Intensive Care Med. 2008 Nov;34(11):1991-8. doi: 10.1007/s00134-008-1245-y. Epub 2008 Aug 1.


Objective: To analyze the influence of severe obesity on mortality and morbidity in mechanically ventilated intensive care unit (ICU) patients.

Design: Prospective, multi-center exposed/unexposed matched epidemiologic study.

Setting: Hospital setting.

Patients: Severely obese patients (body mass index (BMI) >or= 35 kg/m(2)), mechanically ventilated for at least 2 days were matched with unexposed nonobese patients (BMI < 30 kg/m(2)) for center, gender, age (+/-5 years), and the simplified acute physiology (SAPS) II score (+/-5 points). We recorded tracheal intubation, catheter placement, nosocomial infections, development of pressure ulcers, ICU and hospital outcome.

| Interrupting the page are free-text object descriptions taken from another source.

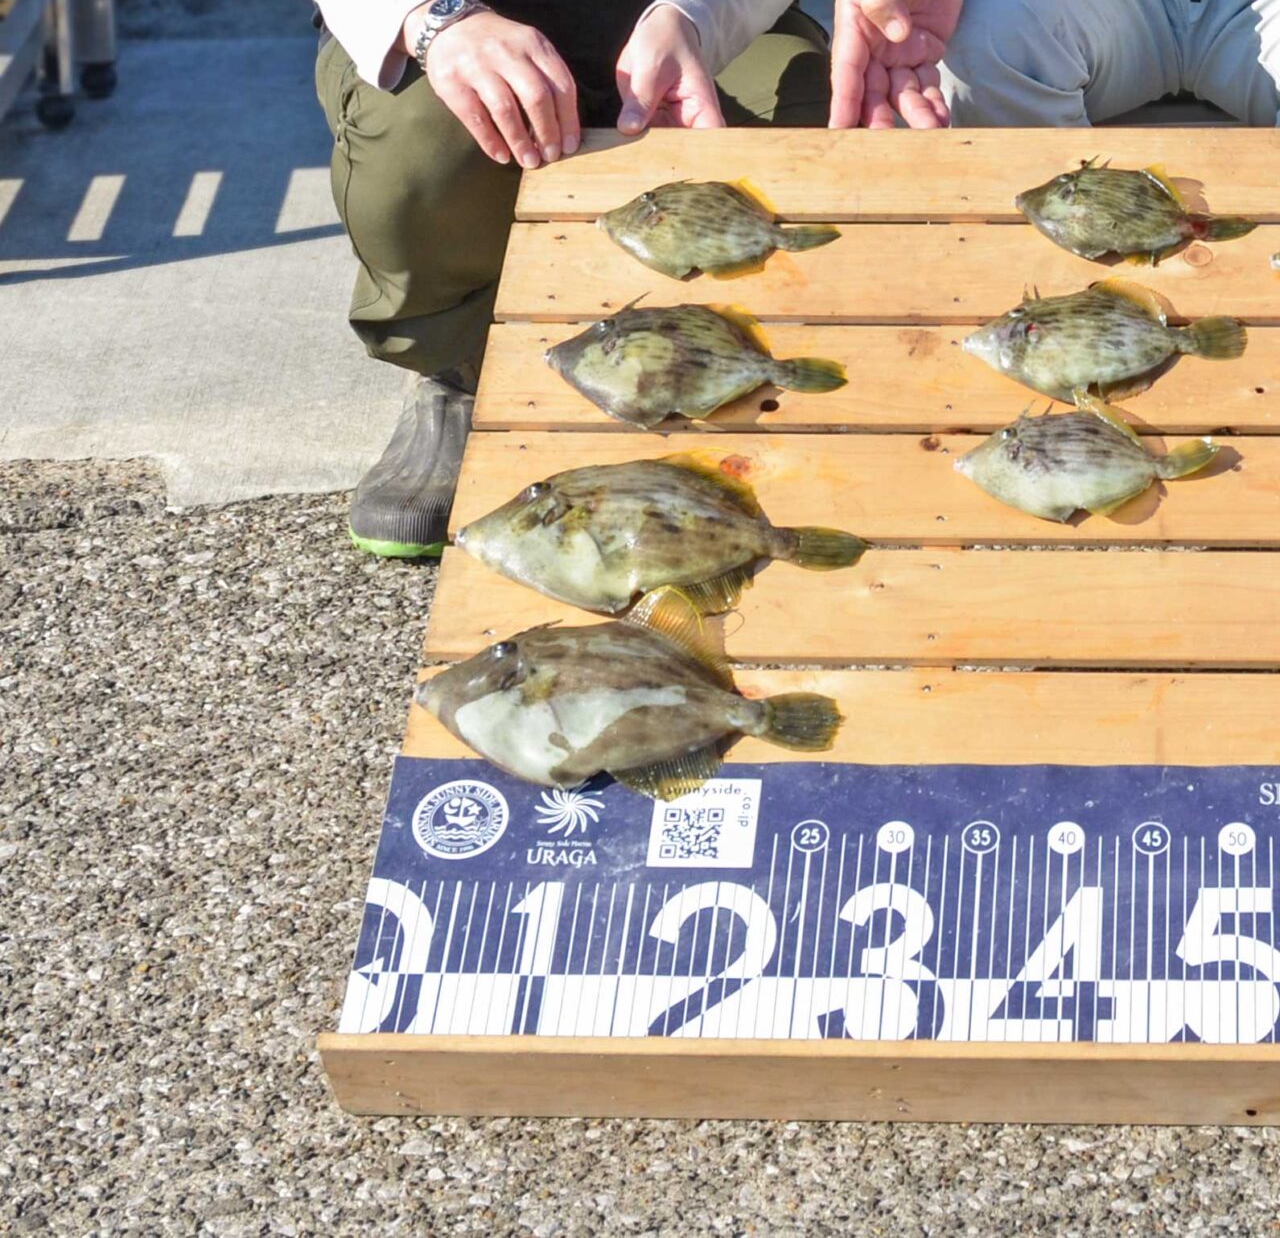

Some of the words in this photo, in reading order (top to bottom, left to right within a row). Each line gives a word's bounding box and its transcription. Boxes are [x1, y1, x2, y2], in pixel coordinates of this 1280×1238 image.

[800, 828, 820, 844] 25
[886, 830, 906, 845] 30
[970, 829, 991, 846] 35
[1057, 831, 1077, 846] 40
[1141, 830, 1162, 847] 45
[1228, 831, 1247, 847] 50
[526, 847, 598, 869] URAGA
[510, 881, 565, 1035] 1
[647, 881, 777, 1037] 2
[817, 882, 945, 1041] 3
[988, 886, 1117, 1042] 4
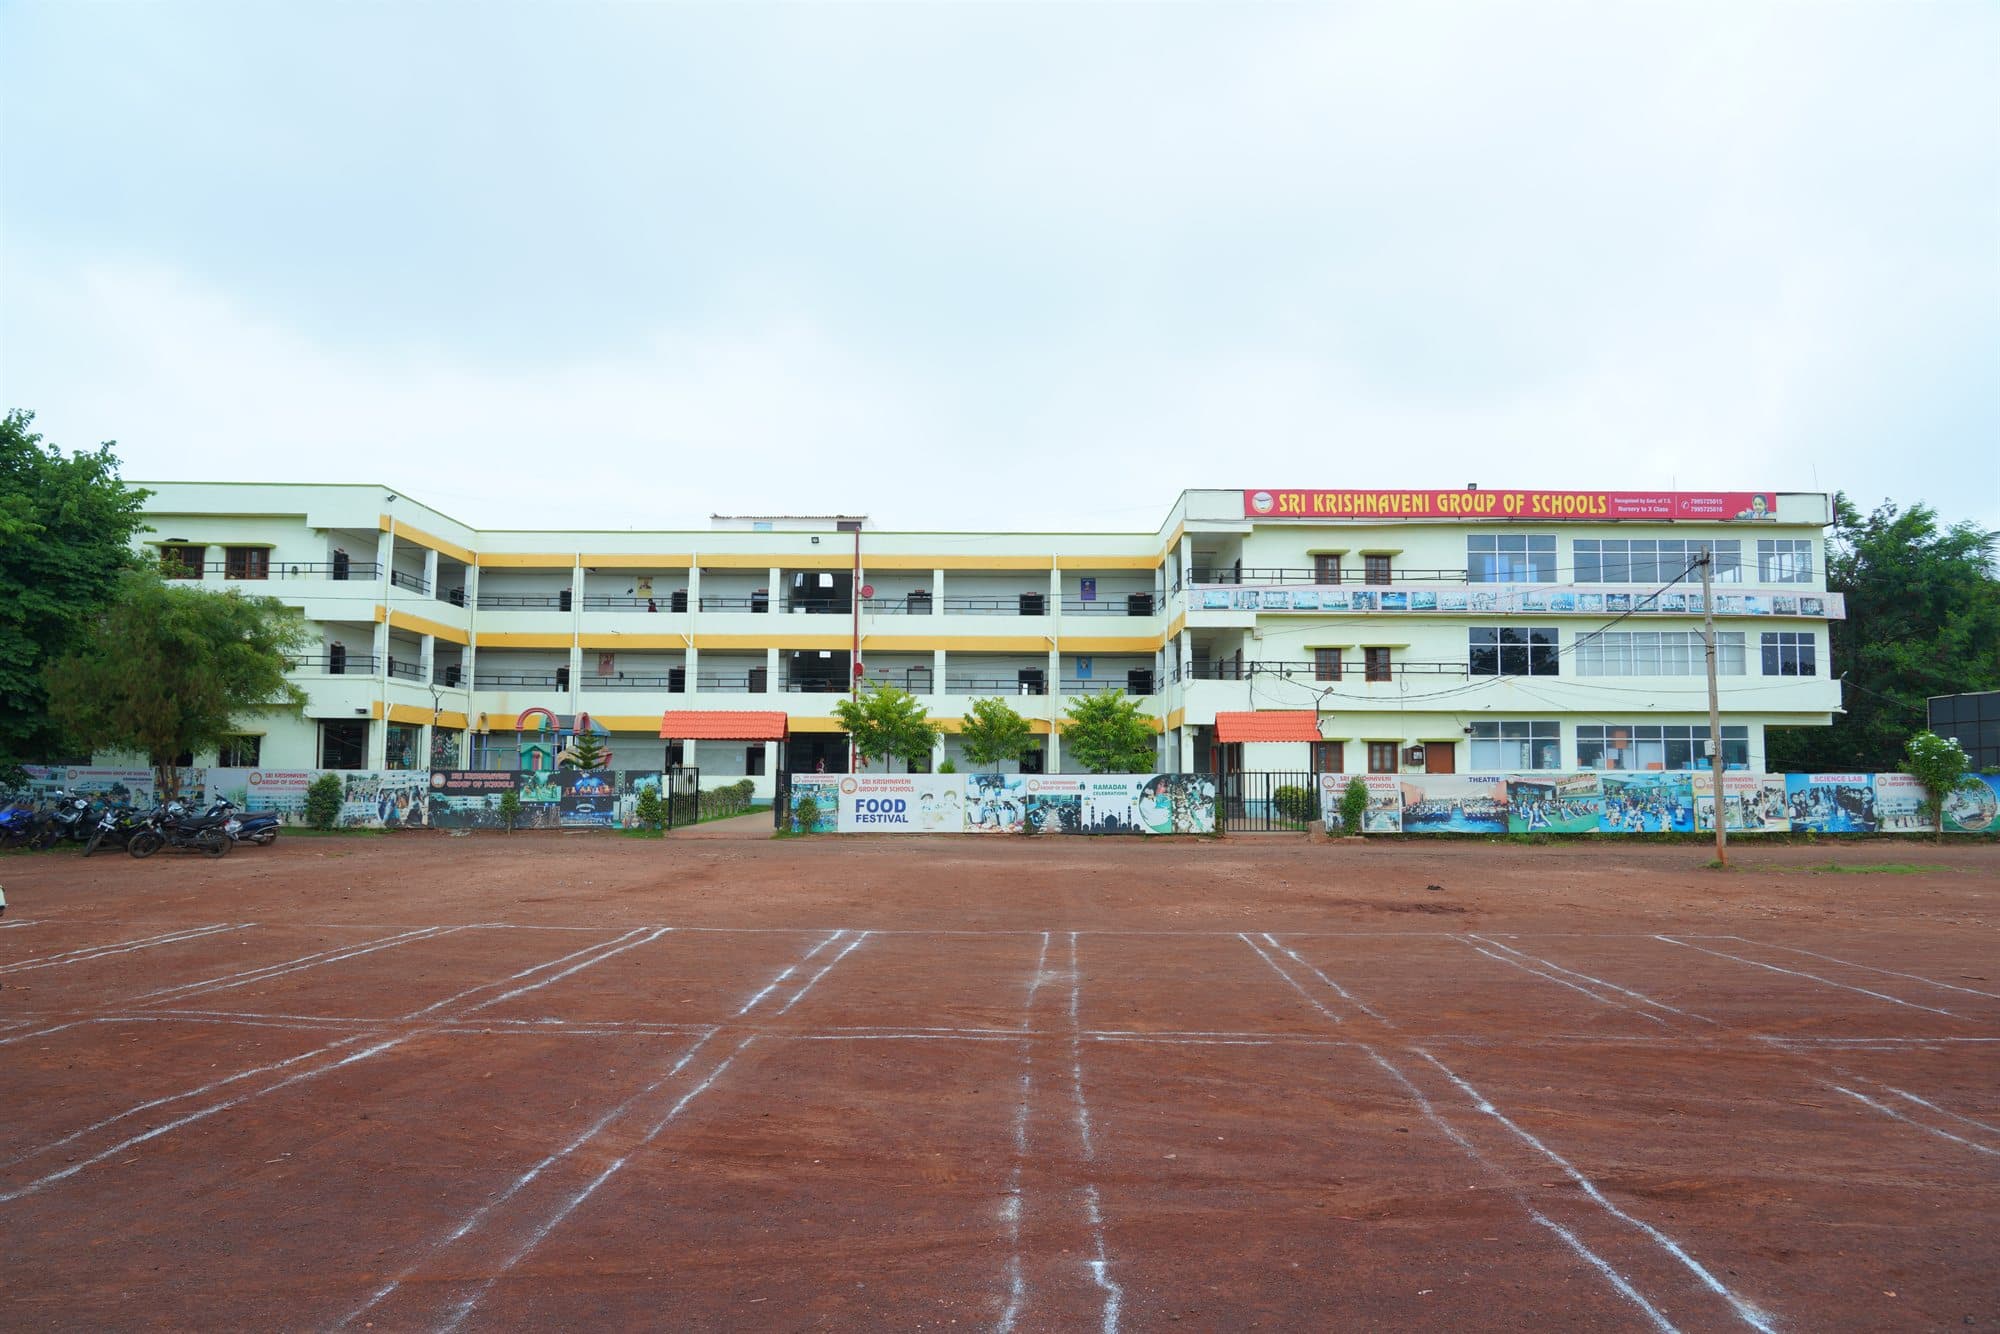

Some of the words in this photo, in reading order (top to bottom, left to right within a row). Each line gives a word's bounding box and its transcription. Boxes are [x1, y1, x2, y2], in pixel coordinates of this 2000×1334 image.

Results: Eighty-two severely obese patients (mean BMI, 42 +/- 6 kg/m(2)) were compared to 124 nonobese patients (mean BMI, 24 +/- 4 kg/m(2)). The ICU course was similar in both the groups, except for the difficulties during tracheal intubation (15 vs. 6%) and post-extubation stridor (15% vs. 3%), which were significantly more frequent in obese patients (P < 0.05). The ICU mortality rate did not differ between obese and nonobese patients (24 and 25%, respectively); nor did the risk-adjusted hospital mortality rate (0.76, 95% confidence interval 0.41-1.16 in obese patients versus 0.82, 95% confidence interval 0.54-1.13 in nonobese patients). Conditional logistic regression confirmed that mortality was not associated with obesity.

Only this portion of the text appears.